We subsequently evaluated whether the abnormal behaviors could also be rescued with rapamycin treatment. In vehicle treated mice, behavioral phenotypes were identical to untreated cohorts (Figure 4B-C, S21-23); however, rapamycin treatment ameliorated the motor phenotypes seen in mutant animals in gait testing and the rotarod (Figure S21, S24). Rapamycin treatment also prevented deficits in the water T Maze with no significant differences seen between rapamycin treated mutants and controls in both acquisition and reversal learning (Figure 4B, S22). In addition, following rapamycin treatment, mutants displayed comparable social behaviors to controls in both social approach and social novelty assays (Figure 4C, S23). Thus, rapamycin prevented both pathologic and behavioral phenotypes in Tsc1 PC mutants, supporting the possibility of a therapeutic role for mTOR inhibition.

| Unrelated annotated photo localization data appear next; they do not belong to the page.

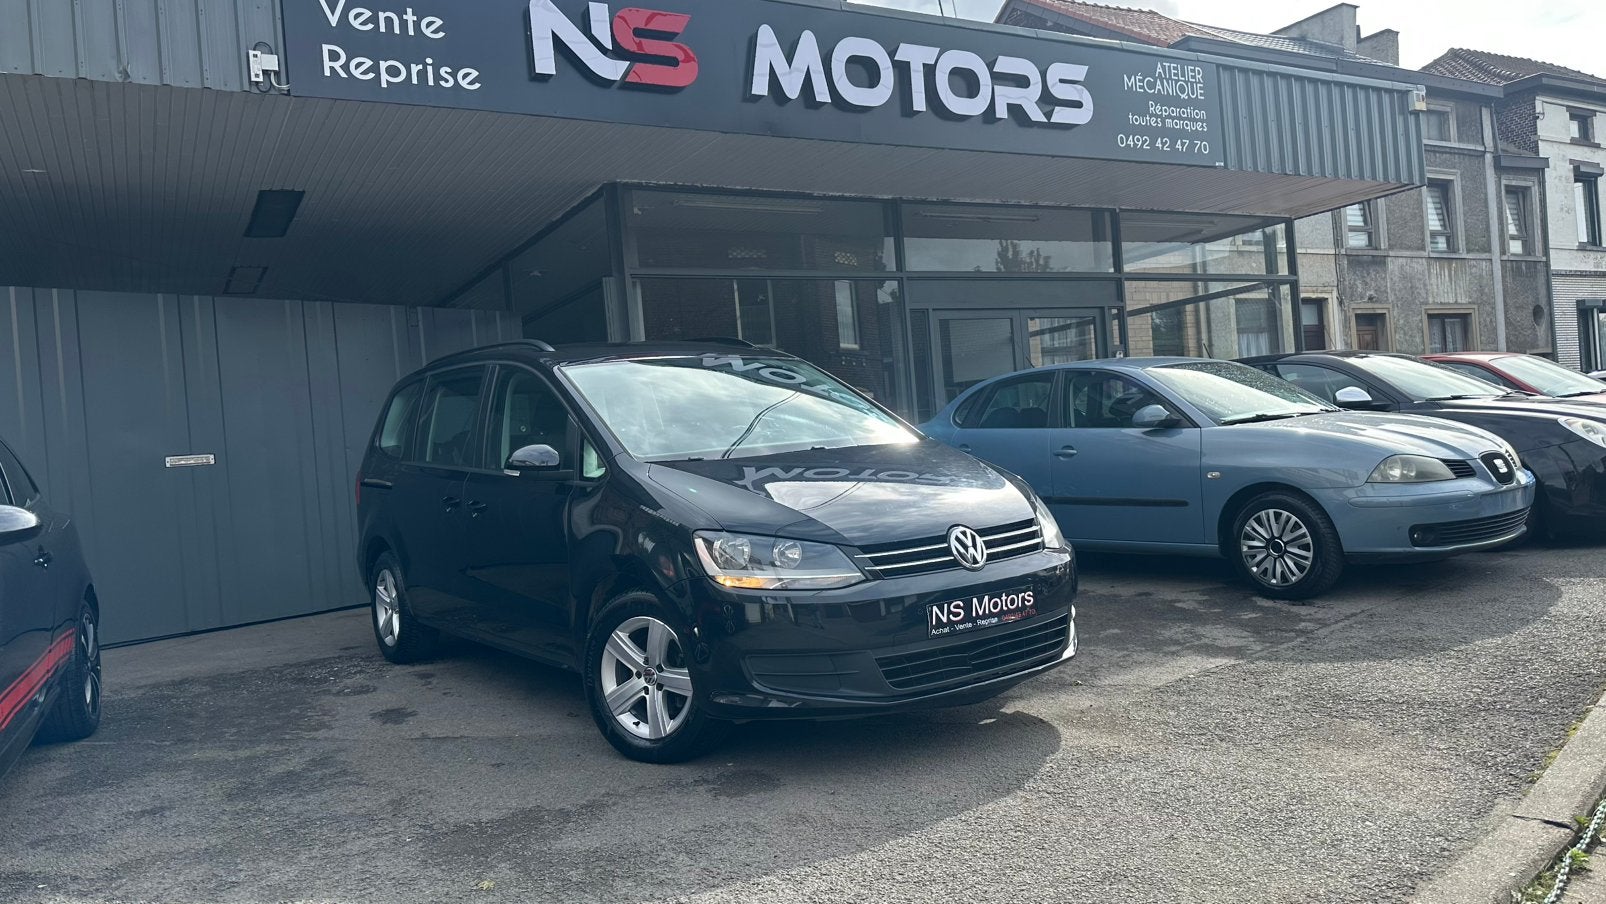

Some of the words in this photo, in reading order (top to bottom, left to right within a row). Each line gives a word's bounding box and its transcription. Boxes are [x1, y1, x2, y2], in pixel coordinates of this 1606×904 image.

[321, 0, 446, 39] Vente
[321, 43, 482, 91] Reprise
[528, 0, 699, 87] NS
[751, 23, 1095, 125] MOTORS
[1155, 61, 1204, 83] ATELIER
[1123, 73, 1205, 100] MÉCANIQUE
[1128, 112, 1162, 127] toutes
[1165, 119, 1208, 132] marques
[1148, 100, 1207, 120] Réparation
[1117, 133, 1151, 149] 0492
[1155, 137, 1171, 151] 42
[1175, 139, 1190, 153] 47
[1193, 140, 1210, 154] 70
[932, 600, 965, 626] NS
[972, 591, 1034, 618] Motors
[931, 627, 950, 636] Achat
[955, 622, 973, 631] Vente
[977, 616, 998, 627] Reprise

Our study demonstrates critical, novel roles for the TSC-mTOR pathway in cerebellar PCs. We find that mice with homozygous loss of Tsc1 in PCs (mutant) demonstrated social impairment, restrictive behavior, and abnormal vocalizations – representative of the three core deficits in ASDs. Mutants also displayed pathologic features found in ASD post-mortem studies with reduced PC numbers and evidence of increased neuronal stress. While PC loss has been reported in postmortem studies of ASD patients, several lines of evidence suggest that PC death cannot fully explain the abnormal behaviors seen in PC Tsc1 mice. Prior to PC death, mutants displayed abnormal vocalizations and motor learning impairments. In addition, mice with heterozygous loss of Tsc1 displayed no evidence of PC loss yet displayed autistic-like behaviors.

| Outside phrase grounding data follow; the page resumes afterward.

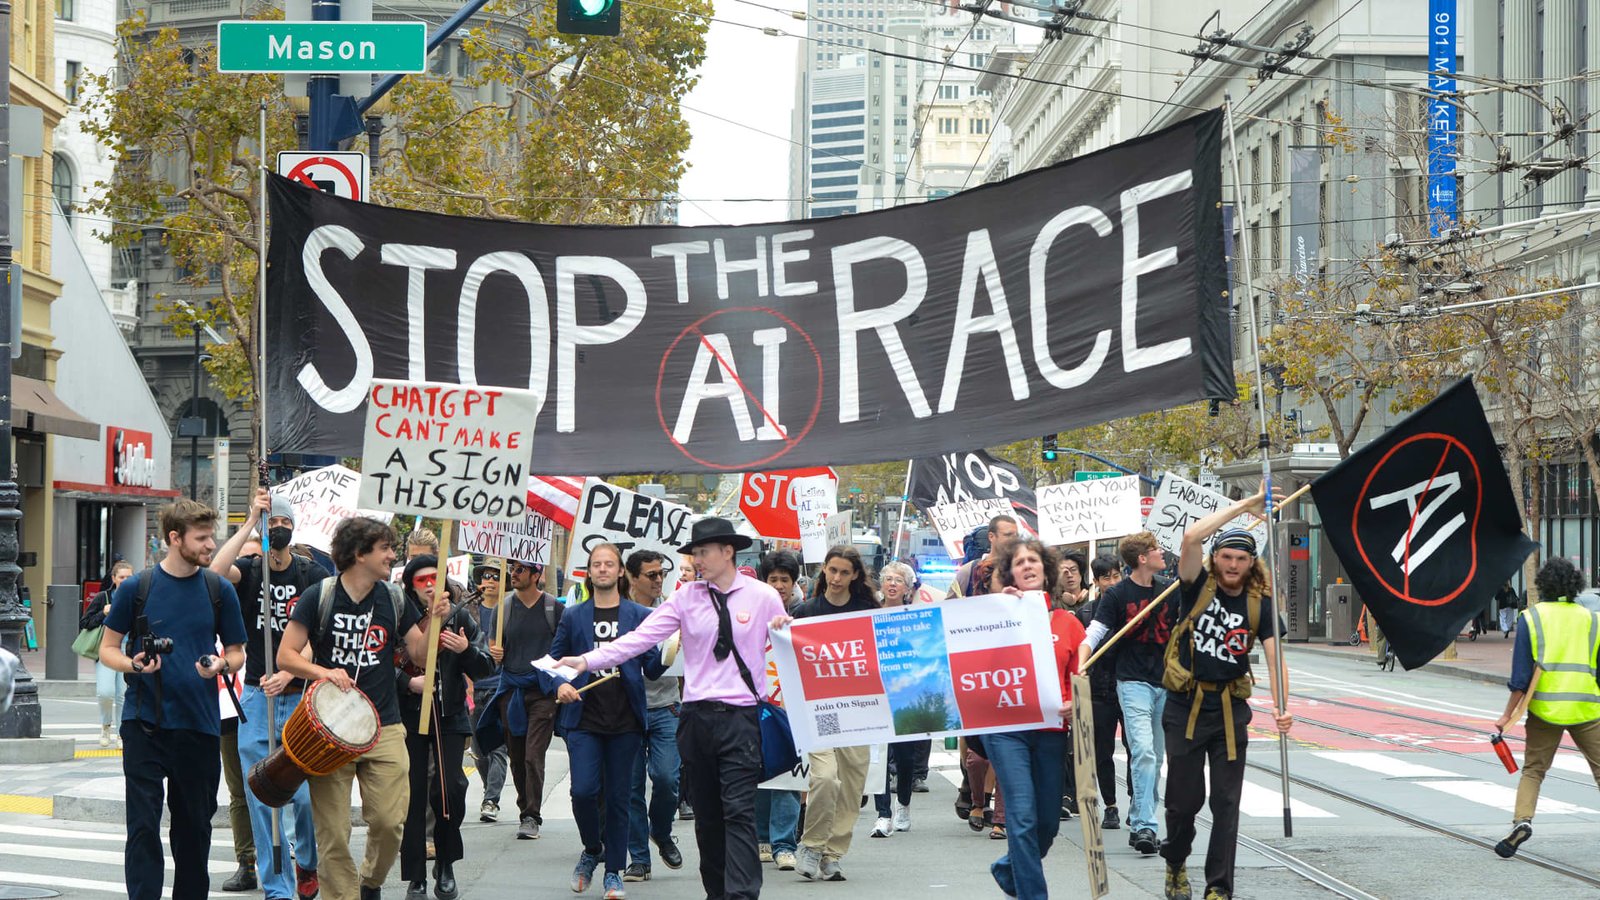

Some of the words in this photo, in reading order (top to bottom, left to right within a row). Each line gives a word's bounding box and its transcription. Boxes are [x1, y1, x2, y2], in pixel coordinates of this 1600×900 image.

[1435, 12, 1450, 45] 901
[268, 35, 376, 60] Mason
[297, 224, 647, 432] STOP
[651, 229, 818, 304] THE
[831, 169, 1195, 425] RACE
[673, 326, 788, 445] AI
[372, 384, 503, 418] CHATGPT
[375, 413, 449, 442] CAN'T
[453, 427, 521, 449] MAKE
[385, 447, 407, 472] A
[425, 449, 522, 486] SIGN
[289, 476, 312, 497] NO
[315, 470, 357, 488] ONE
[744, 473, 798, 511] STO
[1044, 481, 1094, 499] MAY
[1100, 478, 1138, 493] YOUR
[320, 487, 340, 502] IT
[1169, 480, 1218, 513] ENOUGH
[582, 484, 692, 546] PLEASE
[801, 500, 812, 511] AI
[930, 503, 944, 518] IF
[956, 498, 1008, 514] ANYONE
[1040, 496, 1119, 515] TRAINING
[1050, 511, 1103, 524] RUNS
[1369, 471, 1466, 577] AI
[1059, 522, 1118, 538] FAIL
[510, 537, 546, 562] WORK
[1290, 565, 1298, 599] POWELL
[257, 615, 288, 631] RAC
[334, 612, 372, 630] STO
[920, 610, 933, 619] are
[1290, 602, 1298, 632] STREET
[876, 626, 901, 637] trying
[902, 624, 911, 632] to
[913, 621, 931, 631] take
[949, 620, 1022, 636] www.stopai.live
[801, 639, 866, 662] SAVE
[877, 639, 888, 648] all
[890, 637, 899, 647] of
[331, 647, 380, 667] RACE
[880, 650, 895, 660] this
[813, 659, 869, 678] LIFE
[881, 663, 901, 672] from
[960, 667, 1027, 691] STOP
[815, 703, 835, 712] Join
[836, 701, 850, 709] On
[851, 698, 880, 709] Signal
[997, 688, 1026, 708] AI

In this study, we also demonstrate that loss of Tsc1 from cerebellar PCs is sufficient to result in abnormal autistic-like behaviors. These findings implicate the cerebellum in the neural circuitry mediating core features of autism. The cerebellum has been previously suggested to play roles in social interaction27 while cerebellar abnormalities are associated with ASDs as well as cognitive and behavioral disturbances28. How the cerebellum modulates the abnormal behaviors of autism remains a topic of intense investigation. Autism has been proposed to be a disorder of abnormally distributed networks29. The cerebellum, via the DCN, is connected to these networks and cortical areas implicated in ASDs. Akin to its role in motor coordination, the cerebellum has been proposed to modulate these cognitive networks, with dysfunction resulting in abnormally regulated behaviors comparable to cognitive, behavioral dysmetria30. Our data displayed markedly impaired PC excitability in both hets and mutants. As PC firing rates are critical determinants of DCN output, by affecting DCN activity, PC dysfunction could be postulated to alter these downstream neuronal networks, thereby contributing to abnormal autistic-like behaviors. Therefore, PC Tsc1 mutants should provide a valuable experimental system to investigate the effects of PC dysfunction on these neuronal networks and other mechanisms contributing to the pathogenesis of ASDs.